Resting Ca2+ levels and Ca2+ responses to excitatory amino acids were enhanced after Aβ treatment in human cerebral cortical cells [209]. Aβ probably destabilizes Ca2+ regulation through an effect on Ca2+ channels [210]. Aβ (25-35) may also influence Ca2+ levels in astrocytes [211]. In astrocytes Aβ reduces intracellular Ca2+ concentrations; in neurons it leads to an increase [212]. Potassium channel openers such as diazoxide and levocromakalim protect neurons against Aβ toxicity [213]. Aβ (25-35) increases Ca2+ concentrations in microglial cells via L-type voltage gated channels similar to prion proteins [214]. Aβ stimulates the synthesis of the third component of complement in microglial cells [215].

Neurotoxic effects may be a result of oxidative injury and free radical formation [216-218]. The damaging effects of Aβ are believed to be both necrotic and apoptotic [219,220]. The cells may need to be post mitotic before being vulnerable to the effects of Aβ [221]. Calretinin containing neurons have been shown to be resistant to Aβ [222]. The mechanism of toxicity may require an interaction with tau protein kinase I, as antisense oligodeoxynucleotides to the mRNA of this enzyme prevented Aβ-induced death of hippocampal neurons [223]. Aβ has been shown to reduce cell membrane fluidity and induce membrane ruffling [224]. Apoptosis has been induced by Aβ in tissue culture of CNS neurons [220,225]. Ceramide, a membrane-permeable activator of NF kappa β, protects neurons against the toxicity of Aβ [226]. The toxicity of Aβ (25 - 35) may be mediated by phospholipase D activation [227]. Oestrogens protect neurons from Aβ induced neurotoxicity [228] and reduce the production of Aβ in neurons [229].

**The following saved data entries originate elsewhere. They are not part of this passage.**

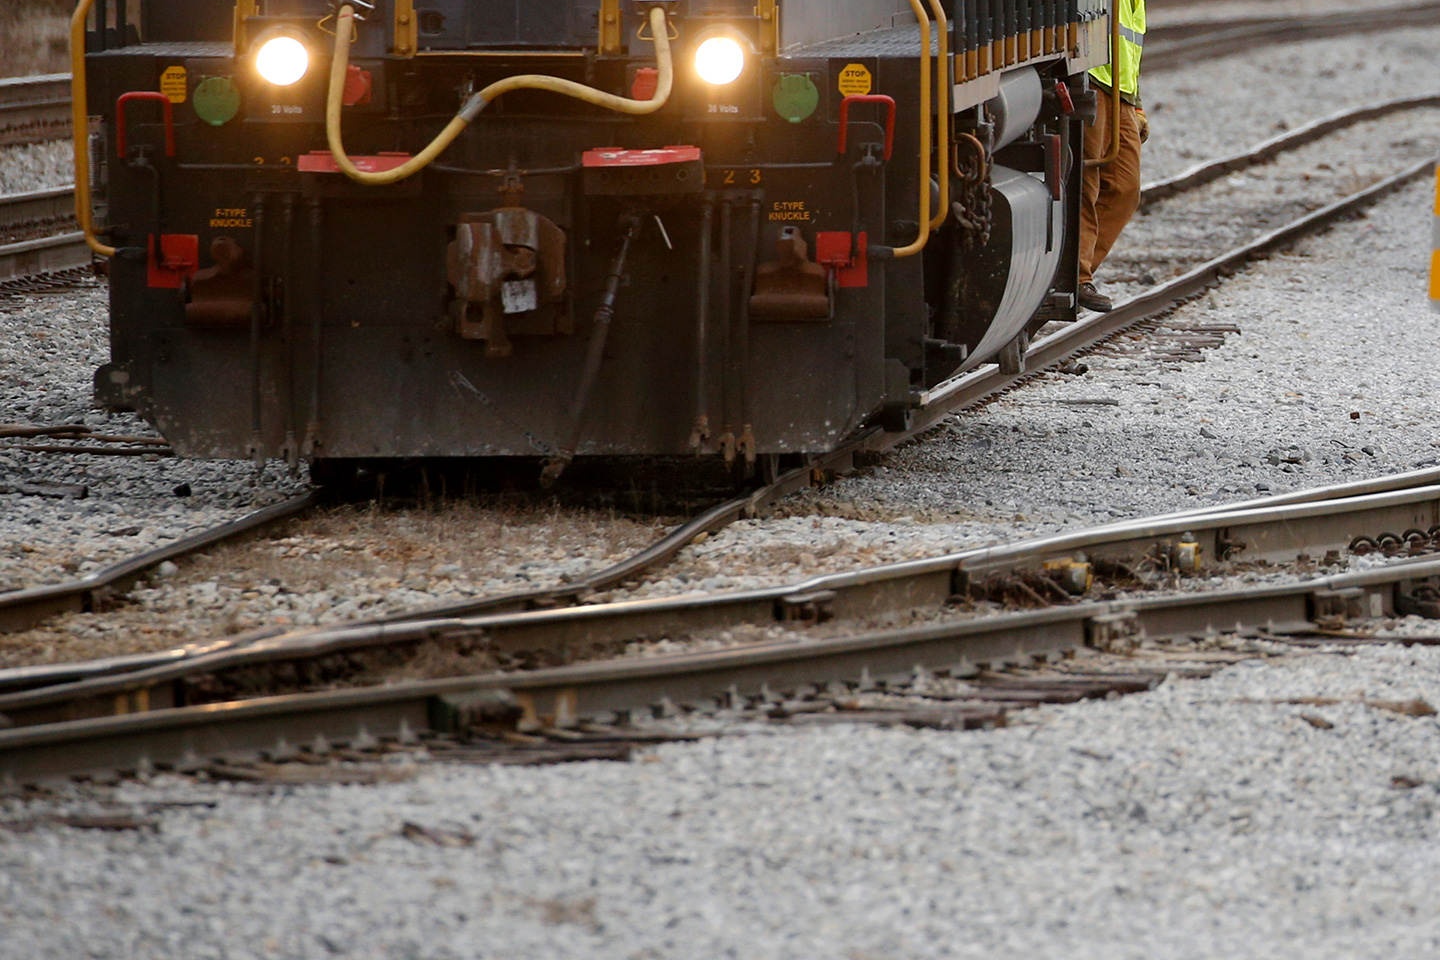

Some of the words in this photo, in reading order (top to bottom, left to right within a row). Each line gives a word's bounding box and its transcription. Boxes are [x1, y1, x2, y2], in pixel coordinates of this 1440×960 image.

[845, 70, 866, 78] STOP
[723, 169, 736, 184] 2
[750, 169, 761, 184] 3
[773, 201, 804, 210] E-TYPE
[768, 211, 810, 220] KNUCKLE
[209, 218, 253, 228] KNUCKLE

Stimulation of astrocytic and microglial IL-1 and bFGF was found after exposure to Aβ [230,231]. The microglia proliferated and transformed morphologically. Microglial cells were activated synergistically by Aβ (25 - 35) and γ-interferon [232]. Aβ had no obvious toxic effects on astrocytes, which envelop and probably phagocytose Aβ [231]. Macrophages may be directly stimulated by Aβ [233].

Functional Ca2+ channels have been formed by spontaneous association of Aβ in artificial membrane bilayers [234]. Nimodipine-sensitive Ca conductance was enhanced by Aβ in neuroblastoma cells [235].

When the low affinity NGF receptor p75 is expressed in PC12 cells, Aβ toxicity is potentiated [153]. NGF was preventive, suggesting an interaction between the neurotrophins and Aβ. The non-selective neurotrophin receptor p75 NTR, a member of the death receptor family binds Aβ and leads to neuronal death [236].

The toxicity of Aβ requires fibril formation. Transthyretin is the major Aβ binding protein in human and animal CSF, when added to the CSF of patients and controls it sequesters Aβ [237]. The molecular chaperones antichymotrypsin and APOE increase Aβ aggregation, with APOEε4 having the highest catalytic activity [238]. This observation providing a possible mechanism for the association between APOEε4 and late onset AD [239, 240]. The neurotoxicity of Aβ may be modified by cholesterol [241].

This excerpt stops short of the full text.